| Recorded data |
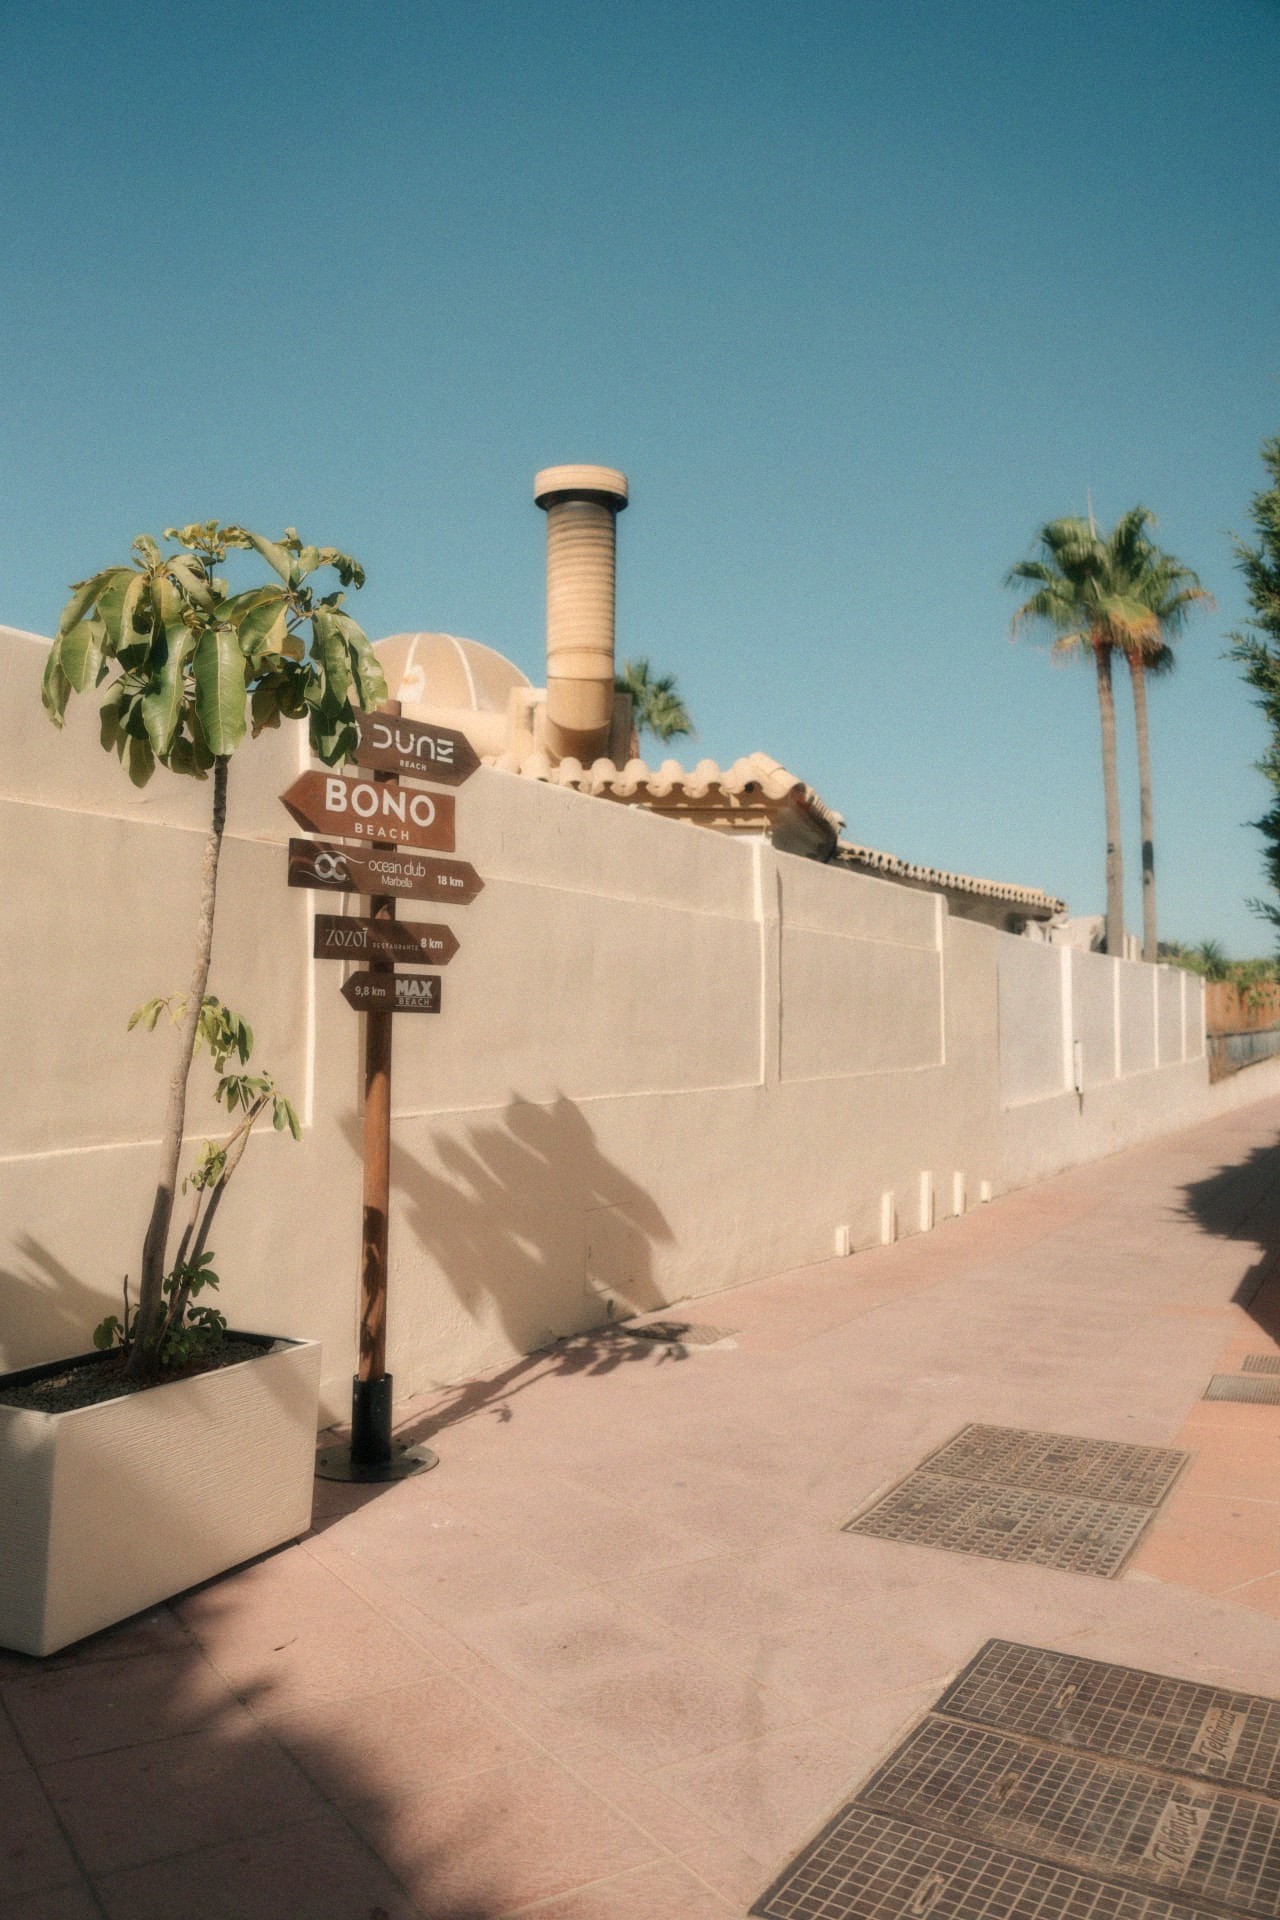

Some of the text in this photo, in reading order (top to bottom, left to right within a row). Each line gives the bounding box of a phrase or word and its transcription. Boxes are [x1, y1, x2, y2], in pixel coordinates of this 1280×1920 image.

[373, 724, 454, 764] DUNE
[401, 760, 427, 771] BEACH
[326, 779, 435, 827] BONO
[355, 824, 409, 841] BEACH
[368, 859, 426, 877] ocean club
[382, 876, 413, 888] Marbella
[437, 875, 464, 887] 18 km
[420, 938, 443, 949] 8 km
[355, 986, 386, 996] 9,8 km
[395, 980, 433, 996] MAX
[398, 997, 430, 1006] BEACH
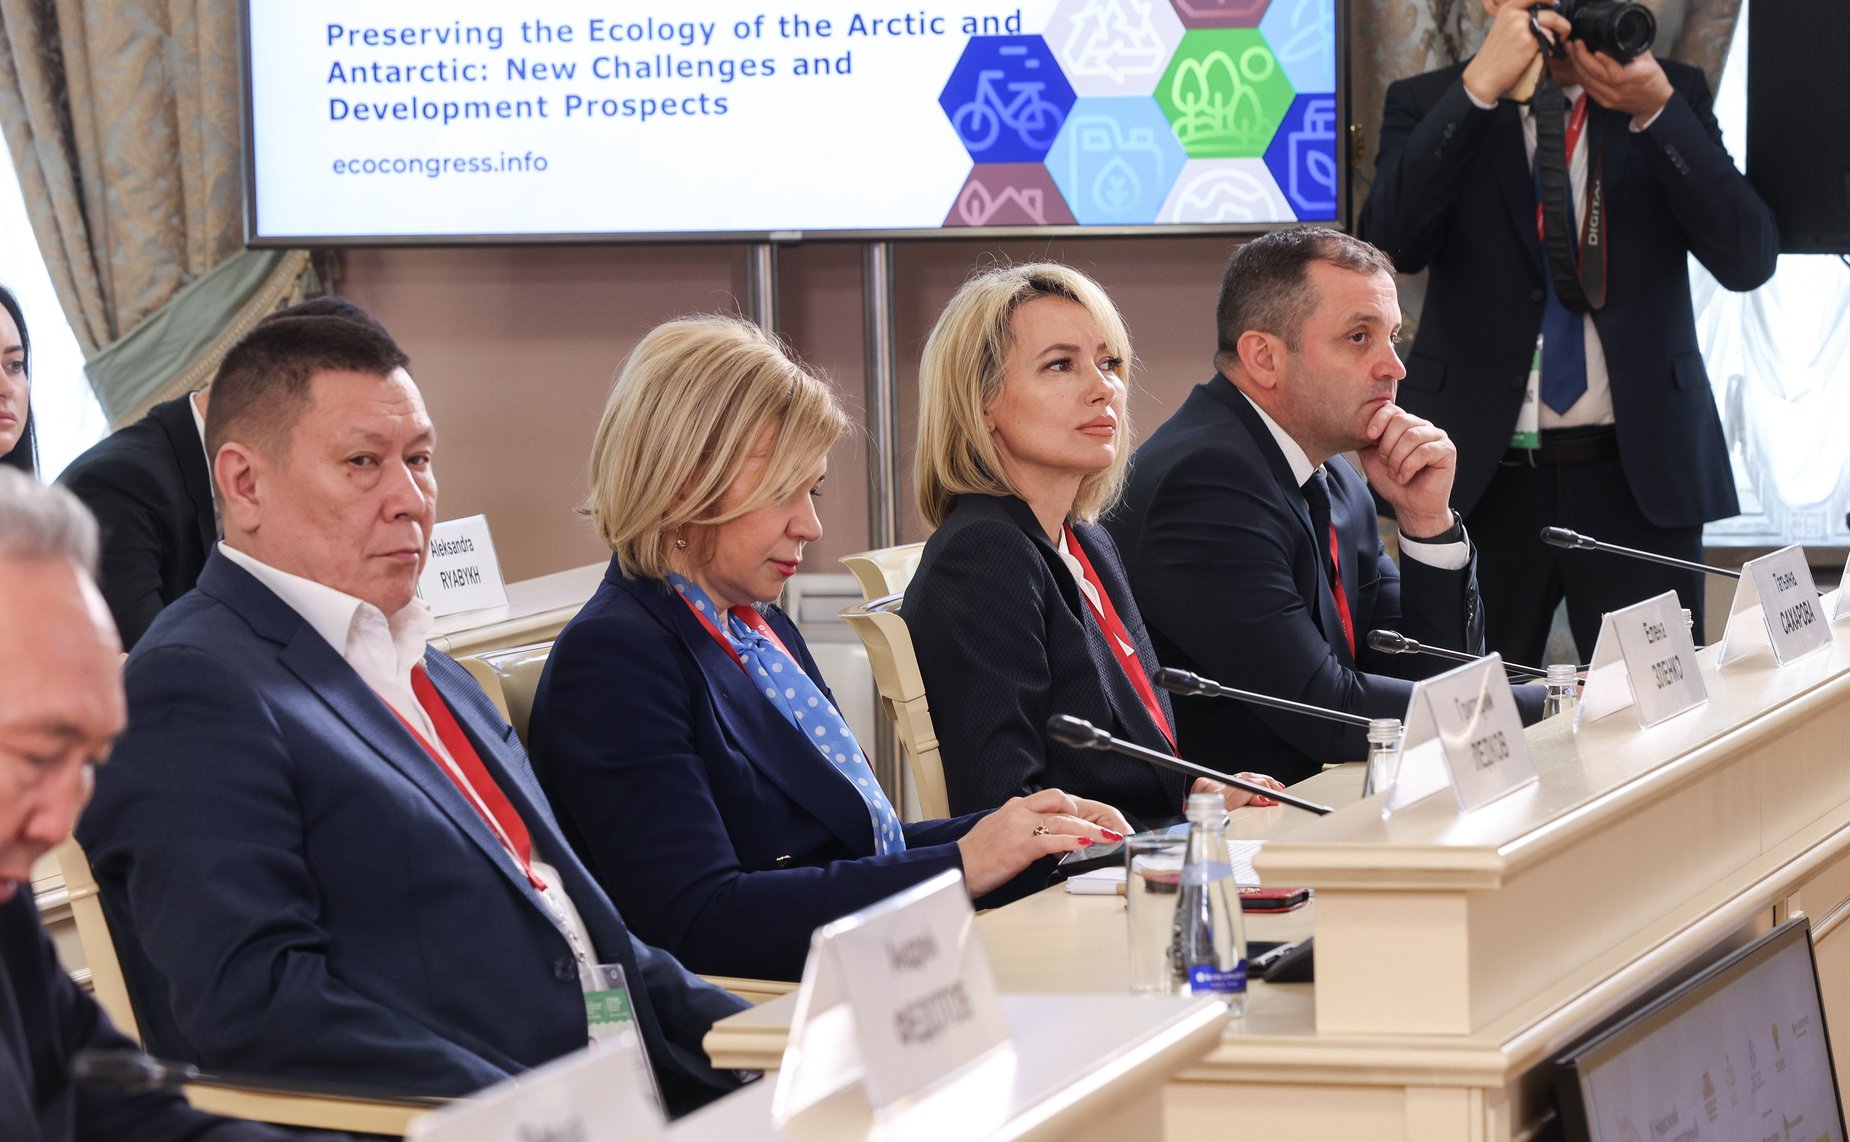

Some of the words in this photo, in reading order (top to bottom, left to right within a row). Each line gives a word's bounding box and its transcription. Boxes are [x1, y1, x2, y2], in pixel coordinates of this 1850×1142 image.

[327, 20, 503, 50] Preserving
[521, 19, 573, 43] the
[589, 17, 715, 47] Ecology
[733, 14, 765, 40] of
[778, 14, 832, 39] the
[847, 10, 945, 37] Arctic
[961, 9, 1022, 35] and
[327, 58, 487, 84] Antarctic:
[507, 58, 576, 81] New
[592, 54, 776, 84] Challenges
[793, 50, 852, 76] and
[329, 96, 548, 126] Development
[565, 93, 728, 123] Prospects
[332, 151, 548, 178] ecocongress.info
[430, 536, 474, 558] Aleksandra
[440, 566, 481, 589] RYABYKH
[1779, 600, 1817, 635] САХАРОВА

| TASK DIRECTIONS |
If a record holds a picture, leave the picture out and copy the rest exactly.

| REPLY TO THE TASK |
Some of the text in this photo, in reading order (top to bottom, left to right within a row). Each line gives the bounding box of a phrase or word and its transcription. Boxes are [x1, y1, x2, y2], in pixel coordinates of this 1280×1920 image.

[373, 724, 454, 764] DUNE
[401, 760, 427, 771] BEACH
[326, 779, 435, 827] BONO
[355, 824, 409, 841] BEACH
[368, 859, 426, 877] ocean club
[382, 876, 413, 888] Marbella
[437, 875, 464, 887] 18 km
[420, 938, 443, 949] 8 km
[355, 986, 386, 996] 9,8 km
[395, 980, 433, 996] MAX
[398, 997, 430, 1006] BEACH

Some of the words in this photo, in reading order (top to bottom, left to right within a row). Each line gives a word's bounding box and its transcription. Boxes are [x1, y1, x2, y2], in pixel coordinates of this 1850×1142 image.

[327, 20, 503, 50] Preserving
[521, 19, 573, 43] the
[589, 17, 715, 47] Ecology
[733, 14, 765, 40] of
[778, 14, 832, 39] the
[847, 10, 945, 37] Arctic
[961, 9, 1022, 35] and
[327, 58, 487, 84] Antarctic:
[507, 58, 576, 81] New
[592, 54, 776, 84] Challenges
[793, 50, 852, 76] and
[329, 96, 548, 126] Development
[565, 93, 728, 123] Prospects
[332, 151, 548, 178] ecocongress.info
[430, 536, 474, 558] Aleksandra
[440, 566, 481, 589] RYABYKH
[1779, 600, 1817, 635] САХАРОВА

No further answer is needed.